We run managed Keycloak for enterprises doing exactly this kind of phased coexistence, so this guide is the same one we walk customers through.

Can Keycloak integrate with SiteMinder?

Yes, because the integration happens at the protocol level, not through any vendor-specific connector. SiteMinder is a Web Access Management product whose Federation services implement SAML 2.0 and WS-Federation, and newer releases add OpenID Connect. Keycloak is fluent in all three, so the two systems federate by exchanging metadata, not by sharing a database.

It helps to be precise about what SiteMinder actually is, because the name has changed roughly once per acquisition. It started as Netegrity SiteMinder, became CA SiteMinder, was rebranded CA Single Sign-On, passed through Symantec, and now lives at Broadcom. Under every name it does the same core job: a policy server plus Web Agents that protect legacy web apps. The Web Agents inject HTTP headers (the classic one is SM_USER) that downstream apps read to identify the logged-in user. That header-injection model is the reason these apps cannot just move to OIDC overnight, and it is exactly why coexistence beats a big-bang cutover.

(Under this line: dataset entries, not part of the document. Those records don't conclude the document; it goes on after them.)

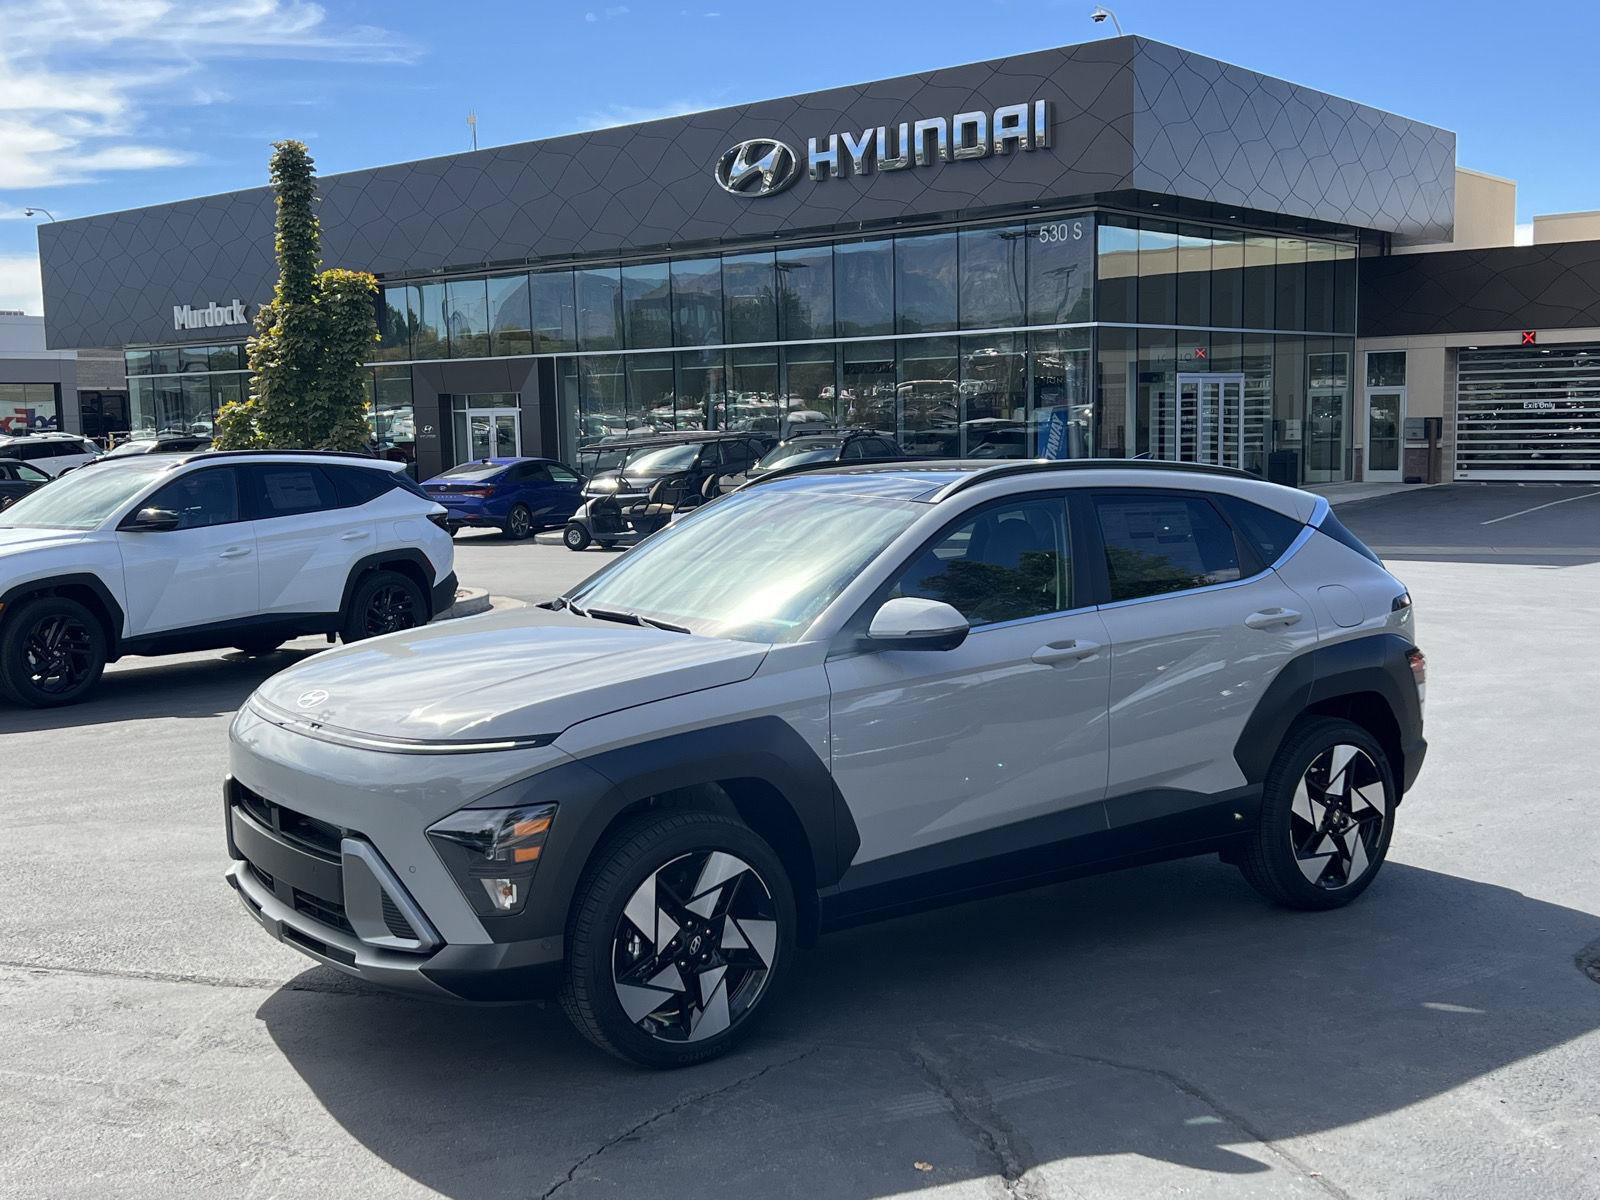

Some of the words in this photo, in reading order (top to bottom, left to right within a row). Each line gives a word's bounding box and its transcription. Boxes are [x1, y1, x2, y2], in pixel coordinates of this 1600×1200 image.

[807, 99, 1052, 181] HYUNDAI
[1039, 223, 1068, 243] 530
[1073, 222, 1082, 240] S
[173, 299, 248, 330] Murdock
[1523, 401, 1538, 409] Exit
[1539, 401, 1556, 410] Only
[1045, 412, 1064, 460] TAWAY
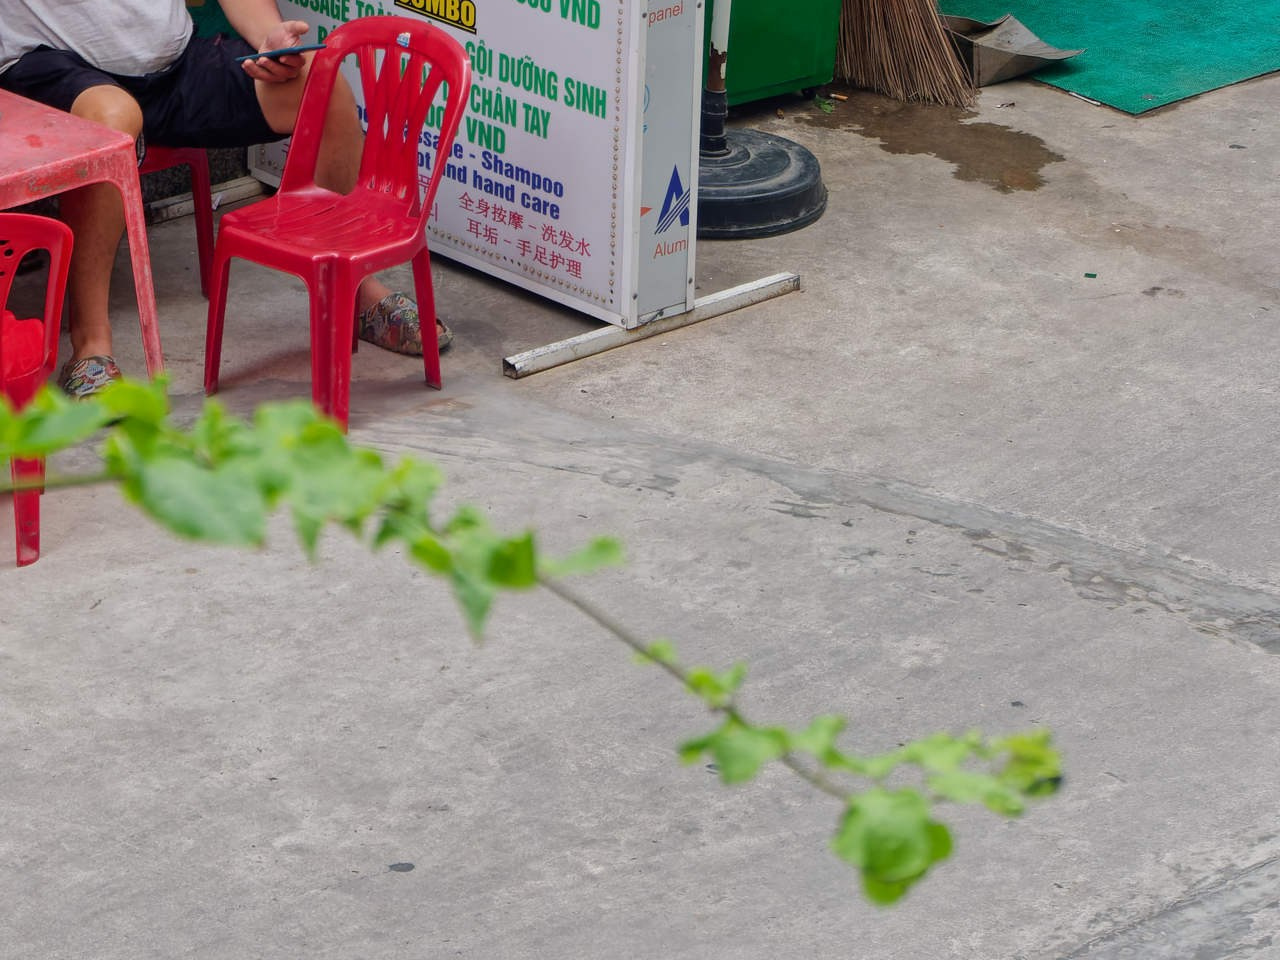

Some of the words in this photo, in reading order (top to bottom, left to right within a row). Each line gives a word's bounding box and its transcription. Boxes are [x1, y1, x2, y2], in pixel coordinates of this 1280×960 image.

[648, 0, 684, 27] panel
[471, 84, 516, 128] CHÂN
[522, 102, 551, 139] TAY
[499, 53, 558, 102] DƯỠNG
[564, 77, 607, 119] SINH
[466, 115, 506, 154] VND
[473, 170, 515, 203] hand
[521, 192, 560, 220] care
[481, 151, 564, 198] Shampoo
[459, 192, 524, 230] 全身按摩
[542, 223, 591, 257] 洗发水
[466, 218, 499, 245] 耳垢
[517, 239, 583, 279] 手足护理
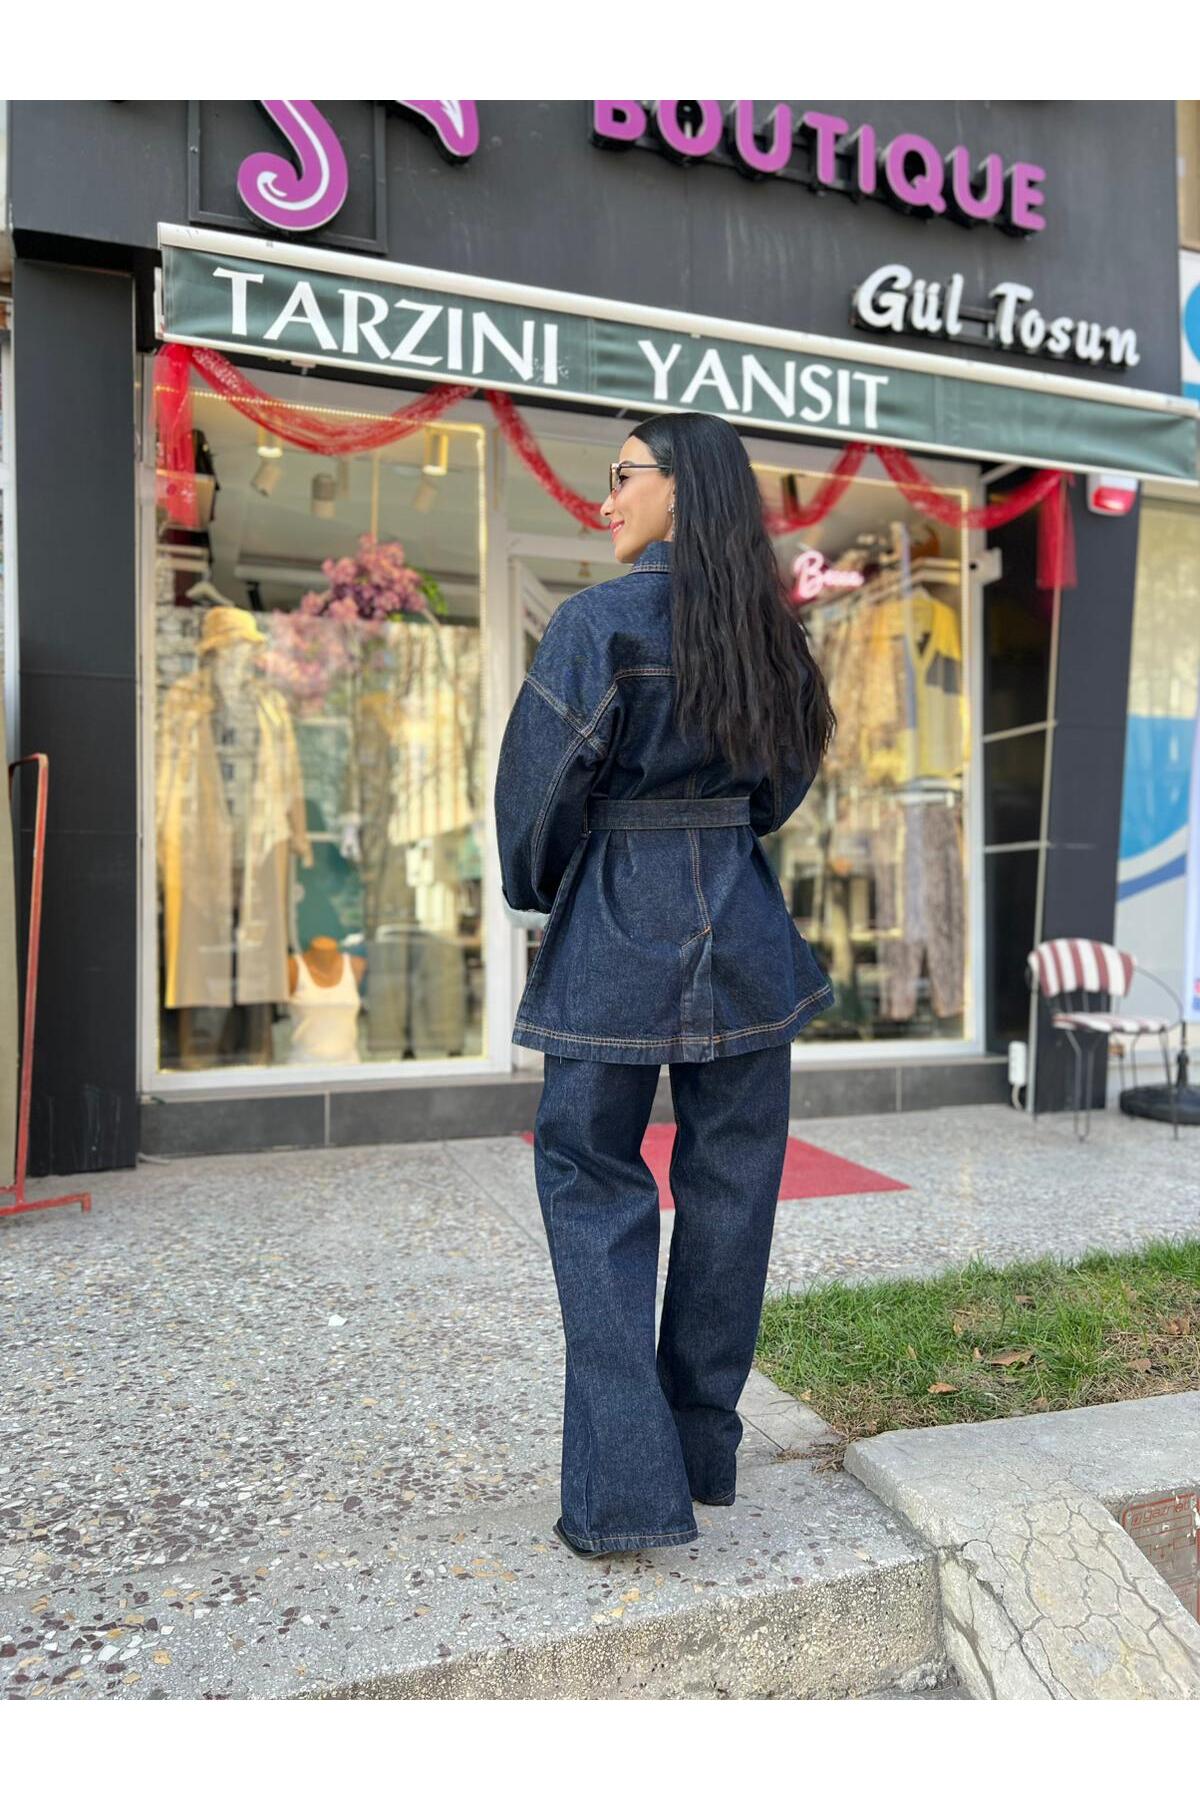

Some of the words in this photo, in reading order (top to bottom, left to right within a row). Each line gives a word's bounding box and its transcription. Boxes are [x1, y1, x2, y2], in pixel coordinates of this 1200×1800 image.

The mental shift is this: you are not replacing SiteMinder on day one. You are putting a modern, standards-native IdP next to it and connecting the two with SAML or OIDC. From there you migrate apps when each app team is ready, not when a change advisory board picks a doomed weekend. Keycloak’s job in both topologies is to be a clean federation partner that also happens to speak every modern protocol your new apps want. If your modernization spans more than SiteMinder, the same coexist-then-migrate playbook applies to other legacy stacks: see our Cloud Foundry UAA to Keycloak migration guide for the sibling scenario.

What are the two ways to run Keycloak alongside SiteMinder?

There are two coexistence topologies, and the right one depends on which way identity is flowing. According to the Keycloak server administration guide, Keycloak’s identity brokering lets it act as both a SAML SP (consuming an external IdP) and a SAML IdP (serving external SPs), which is precisely the flexibility this problem needs. Topology one keeps SiteMinder as the authority; topology two hands the authority to Keycloak.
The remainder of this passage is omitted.